Book review: Surrealism, Feminism, Psychoanalysis by Natalya Lusty

Leonora Carrington, “Green Tea (La Dame Ovale),” 1942

Natalya Lusty takes on three major and somewhat disparate topics in her book Surrealism, Feminism, Psychoanalysis. However, she brilliantly ties them together through their very disparateness: as a marginal movement (or at least that is how it was regarded/it regarded itself during the throes of Modernism), Surrealism positioned itself to examine other areas of marginality, i.e. the people outside of the bourgeoisie. Politically, feminism was originally a marginal movement and prided itself on being on the outside, as being in such a position allowed a more thorough critique of the (masculine) “norm.” Psychoanalysis, while at the heart of Surrealism, did not necessarily “jibe” with Surrealism (Freud once expressed to Andre Breton that he did not get what the genre wanted), and Surrealism’s tie to psychoanalysis was often tenuous. According to Lusty, “… Surrealism found in psychoanalysis a model on which to develop a theory of creative bound up in the mystery of unconscious desires and associations, a move which sealed the trope of the enigmatic woman as its most potent erotic symbol” (13). Unsurprisingly, feminism outright rejected psychoanalysis. So how does she tie everything together? She looks through the lenses of social and artistic inquiry to find common themes such as violence, parody, and transgression. It is through the tension between these areas that we see their relationships and how they analyze one another.

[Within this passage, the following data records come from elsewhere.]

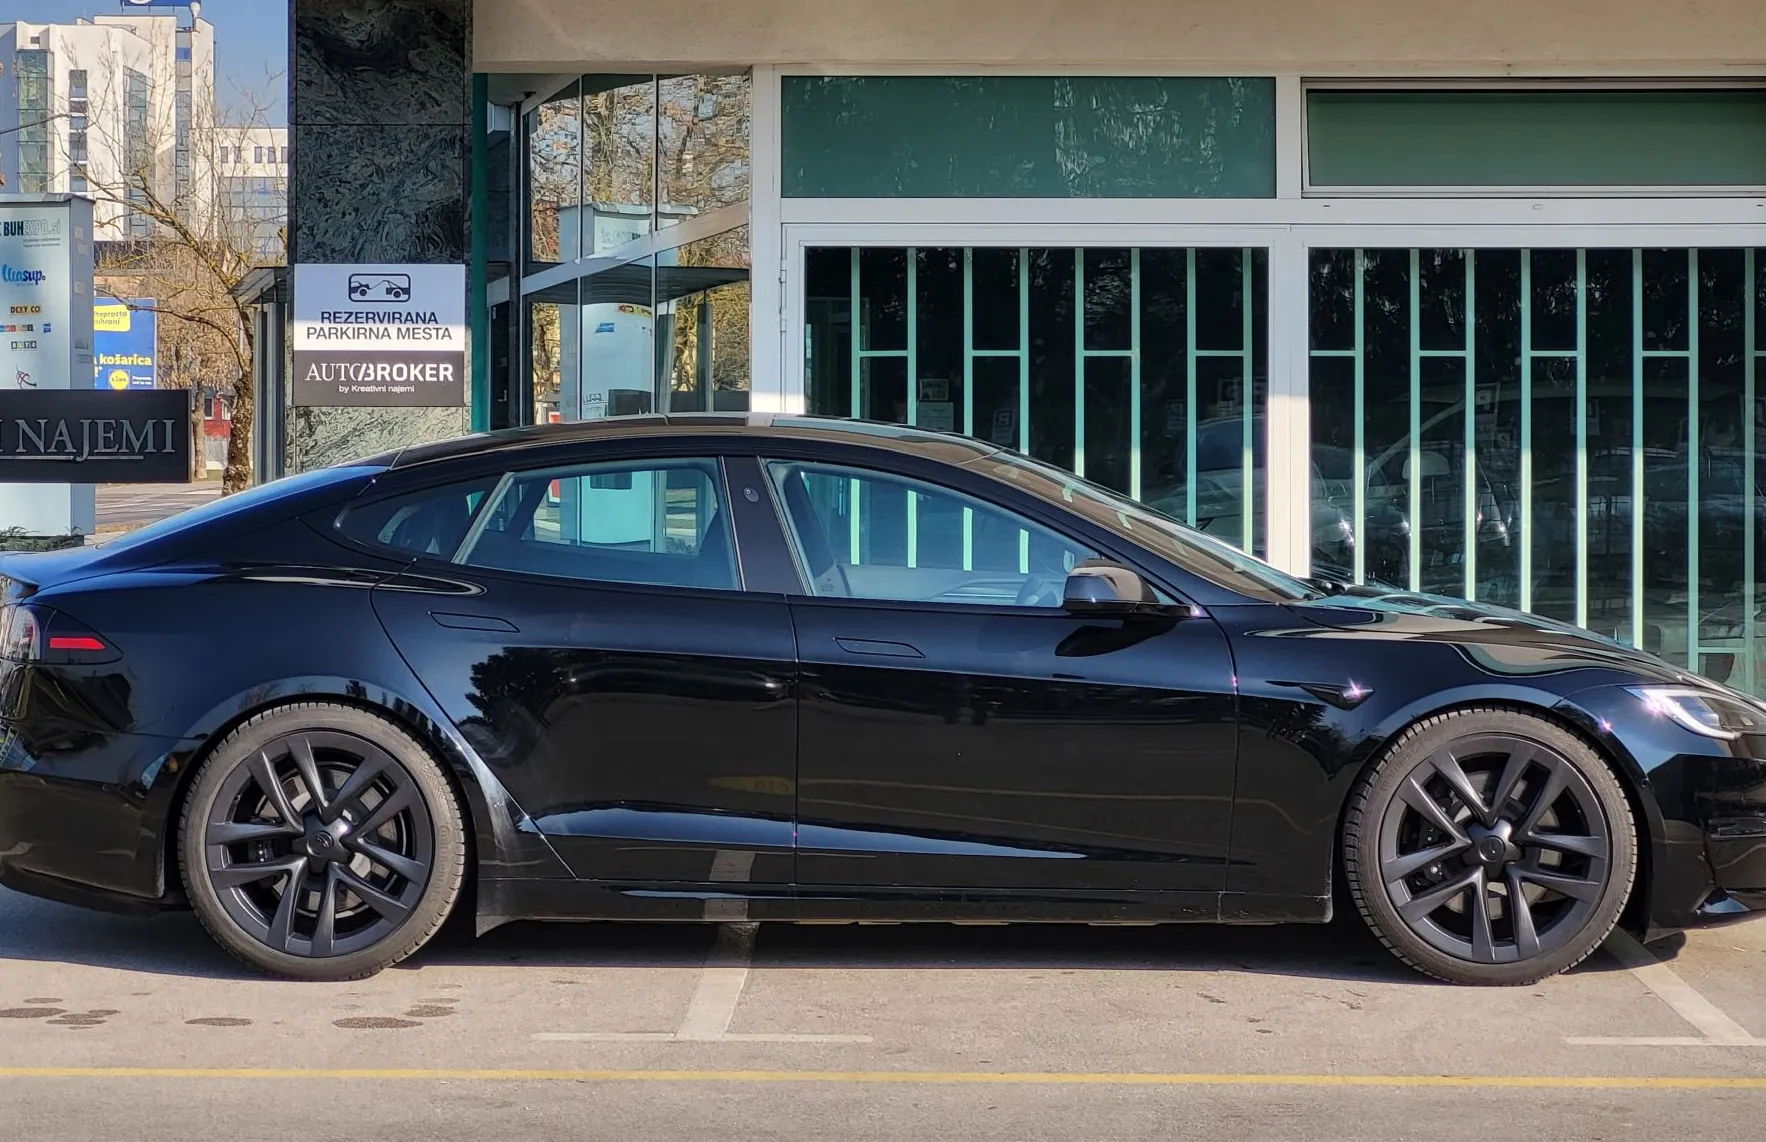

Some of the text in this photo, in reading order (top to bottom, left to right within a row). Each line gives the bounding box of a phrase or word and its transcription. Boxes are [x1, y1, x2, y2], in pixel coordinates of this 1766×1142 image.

[10, 306, 28, 314] DEXY
[320, 311, 438, 325] REZERVIRANA
[306, 327, 453, 340] PARKIRNA MESTA
[99, 353, 152, 366] košarica
[338, 385, 415, 394] by Kreativni najemi
[14, 418, 176, 462] NAJEMI

The book does not limit itself just to the years in which Surrealism was predominant, but rather spans the line dividing Modern and Contemporary art, which inevitably highlights the on-going feminist debates. Lusty spans her arguments from Leonora Carrington (1917-2011) to Cindy Sherman (1954- ), and though feminism did not officially exist when Carrington was creating much of her work, Lusty declares Carrington’s book The Hearing Trumpet as a precursor to feminist revisionist literature. Sherman’s work, which is believed to contain Surrealist overtones and references, has been both admired and chastised by feminist scholars for its treatment (objectification?) of the female body. I did not spend too much time reading about Sherman, as she is outside my area of study. I also did not spend too much time on her discussion of Claude Cahun’s photographic work. I instead focused on Lusty’s chapters comparing The Hearing Trumpet to our favorite work by Georges Bataille, Story of the Eye; I also looked at her analysis of psychoanalyst Joan Riviere’s essay, “Womanliness as a Masquerade,” to Carrington’s story, “The Debutante.” 

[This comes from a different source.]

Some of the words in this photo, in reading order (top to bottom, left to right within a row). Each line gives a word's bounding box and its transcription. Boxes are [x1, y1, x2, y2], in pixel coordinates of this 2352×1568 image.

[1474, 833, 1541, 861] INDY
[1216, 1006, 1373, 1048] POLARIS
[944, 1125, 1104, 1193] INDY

Lusty poses the following major question: if Surrealism was not good with women, is it possible that it has been good for women, particularly in recent years? As has been previously discussed, Surrealist women have been able to use the aesthetic and ideas to come to terms with their own issues and ideas. However, Surrealism has/had a very uneven relationship with women, as has been discussed by many scholars over the last 25+ years, as well as on this blog. Breton and many others involved in the movement regarded women to be useful as muses and not as capable of being active participants. As Angela Carter once said, voicing the concerns of many women artists of her time, “The Surrealists were not good with women. That is why, although I thought they were wonderful, I had to give them up in the end.” Leonora Carrington was embraced as a femme-enfant by the Surrealists because of her rebelliousness against her upper-class upbringing. However, Carrington did not just rebel against her family, she rebelled against the Surrealists in a very masked way. In her short story “The Debutante,” which was originally written in overly-simplified French and featured a talking hyena (which is considered symbolic of sexual transgression and hybridity because its sex is difficult to visually determine), Carrington examines herself– as she was once a debutante– in a darkly humorous way that challenged the normative bourgeois culture. This was readily embraced by the Surrealists. As Lusty succinctly stated, “… the Surrealists’ glorification of these crimes also illustrates the problematic nature of the figure of the ‘ruined’ woman as a metaphor for, and embodiment of, Surrealist revolutionary ideology… Carrington’s narrative presents a scene of adolescent violence and rebellion that evokes a Surrealist celebration and eroticization of female violence” (20).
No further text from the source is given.